Lengthier periods of working as a foster carer will often mean caring for children while their own parents receive the counselling and assistance needed to restore the safe and stable conditions demanded for a child’s continued wellbeing.

Where this is not an option, a child may be placed up for adoption, or a more permanent foster carer will need to be found. The interim foster care necessary under these circumstances may involve a period of up to 12 months.

The role of a foster carer where long-term placements are necessary can include court-ordered guardianship, an open adoption or cases where a child cannot be returned to their home, but prefer not to be adopted. In these cases, foster care will be required for a period stretching from 6 months to the time a child reaches the age of 18.

Although these children are then entrusted to the long-term or permanent care of foster carers, they maintain contact with their biological families.

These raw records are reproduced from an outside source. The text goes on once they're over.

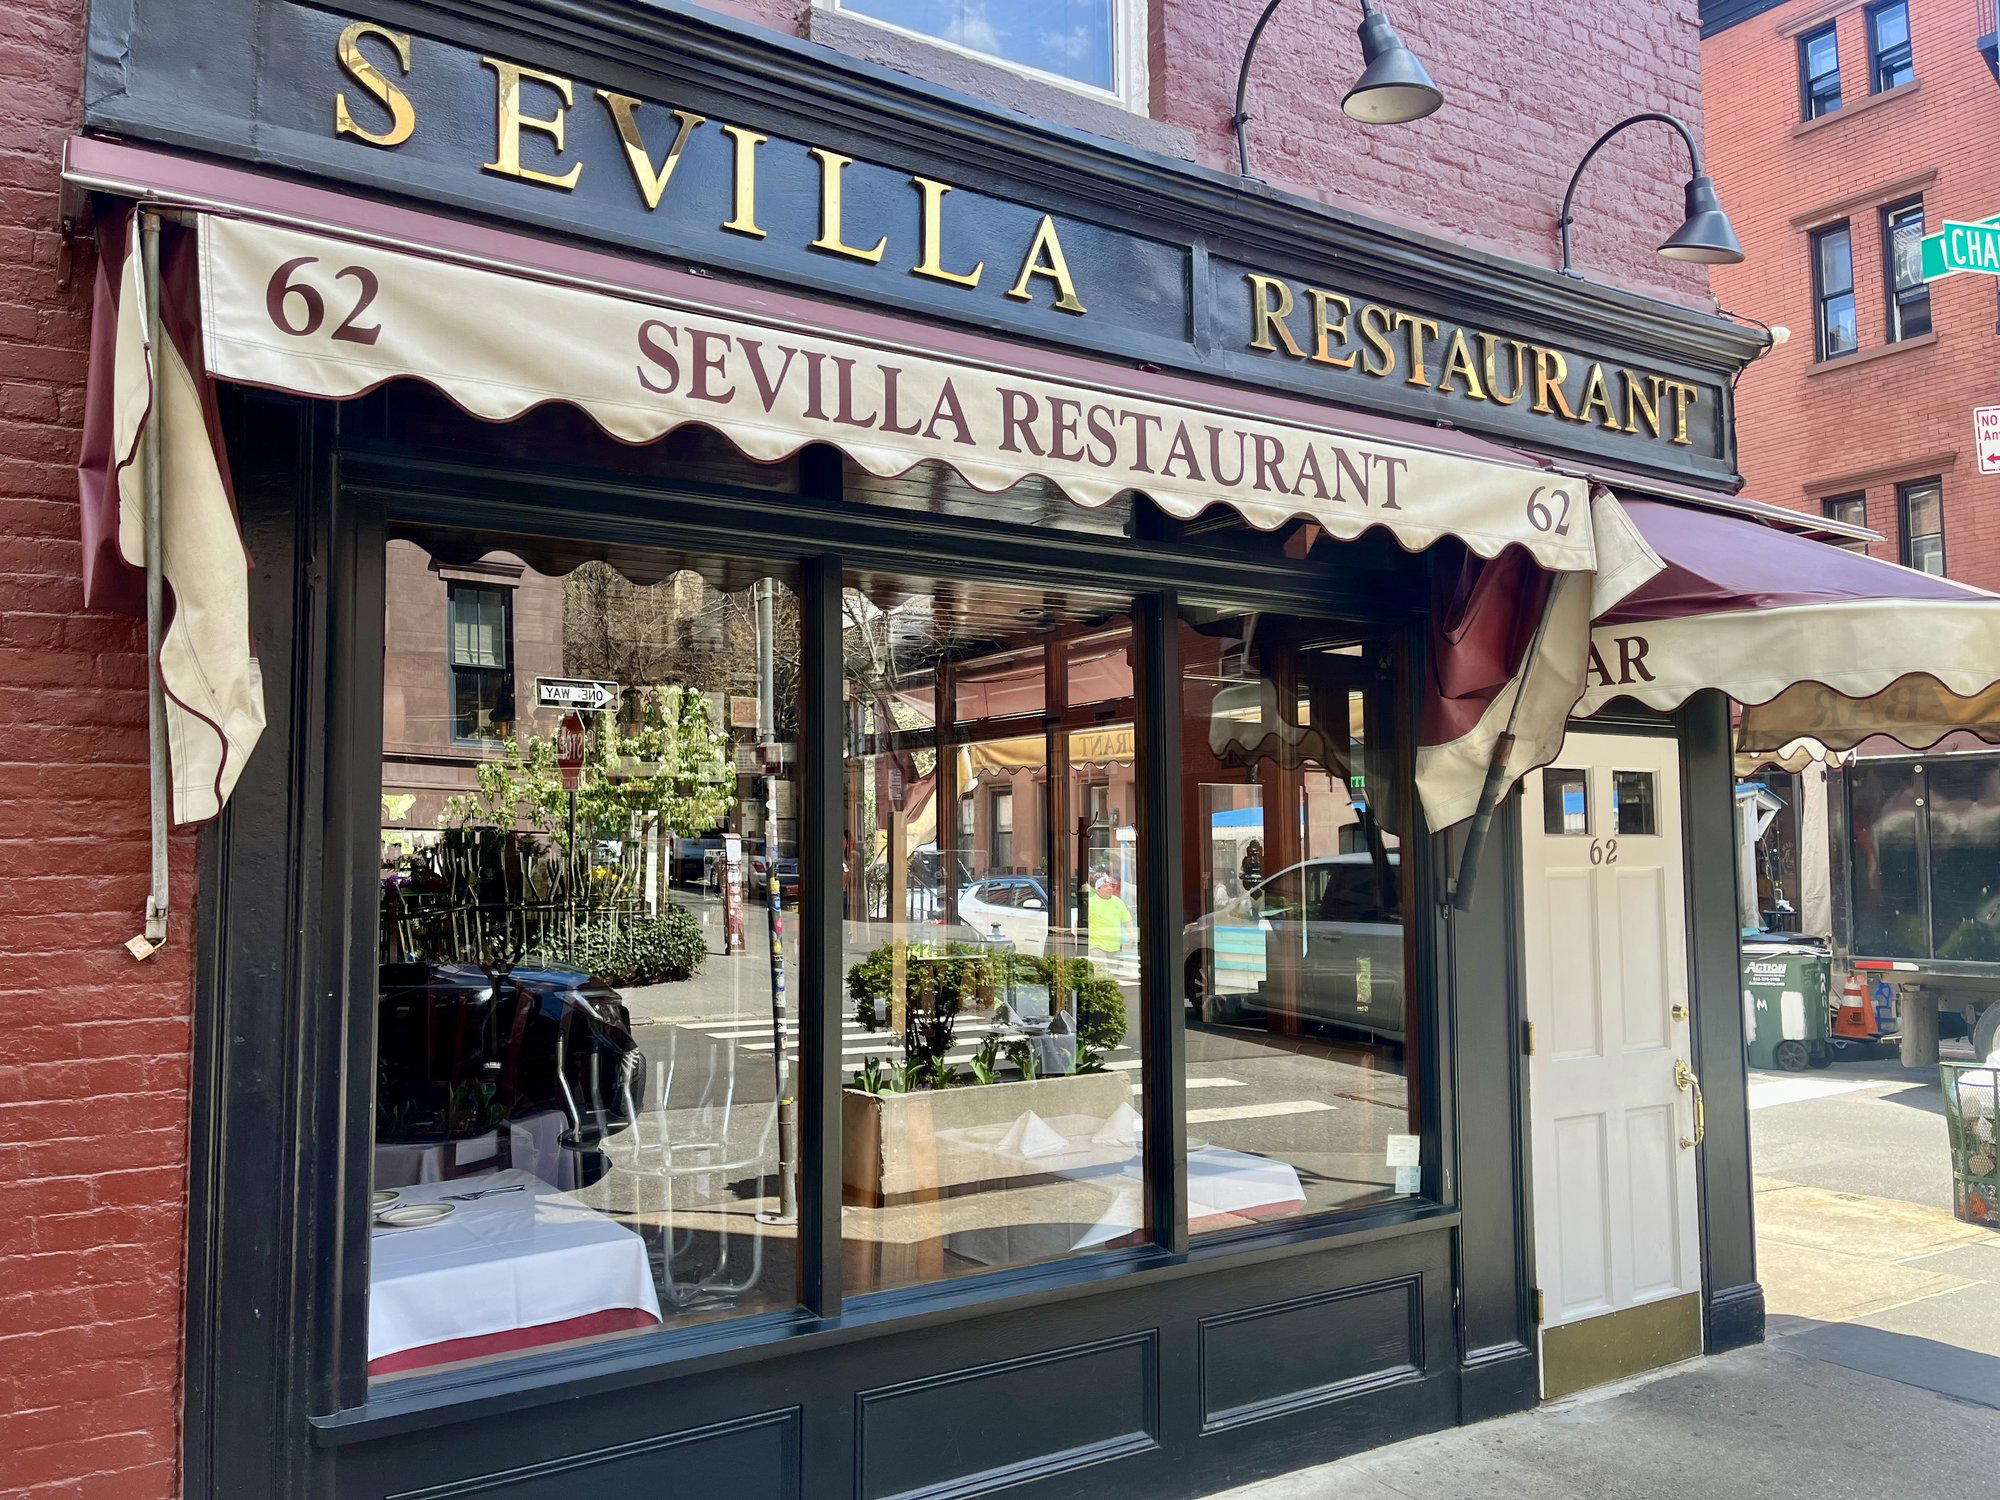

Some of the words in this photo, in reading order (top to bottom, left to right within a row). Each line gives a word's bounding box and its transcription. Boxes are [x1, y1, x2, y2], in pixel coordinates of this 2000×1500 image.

[334, 21, 1087, 315] SEVILLA
[266, 256, 381, 345] 62
[1246, 273, 1698, 445] RESTAURANT
[636, 319, 977, 446] SEVILLA
[996, 386, 1407, 510] RESTAURANT
[1982, 415, 1998, 426] NO
[1984, 430, 2000, 441] An
[1526, 485, 1570, 536] 62
[1586, 636, 1656, 688] AR
[1590, 838, 1618, 866] 62
[1744, 962, 1787, 973] ACTION

This helps children to understand why they were placed into care, as well as helping them to identify with their cultural backgrounds.

Who is Eligible and How to Become a Foster Carer

Single individuals, married couples, same-sex couples and those in a de-facto relationship are all eligible to become a foster carer provided they are in good health and have no criminal record. Candidates will preferably be over the age of 25 and be citizens or permanent residents of Australia.

Successful candidates will receive excellent training in dealing with traumatised children and will continue to have ongoing assistance from a team of professionals. Foster carer support groups also offer invaluable support. Financial support will also be provided to cover the day-to-day expenses incurred in caring for the child.

Enquiries at any reputable agency on becoming a foster carer will provide in-depth information covering all aspects of foster care. The rewards will far outnumber the challenges involved.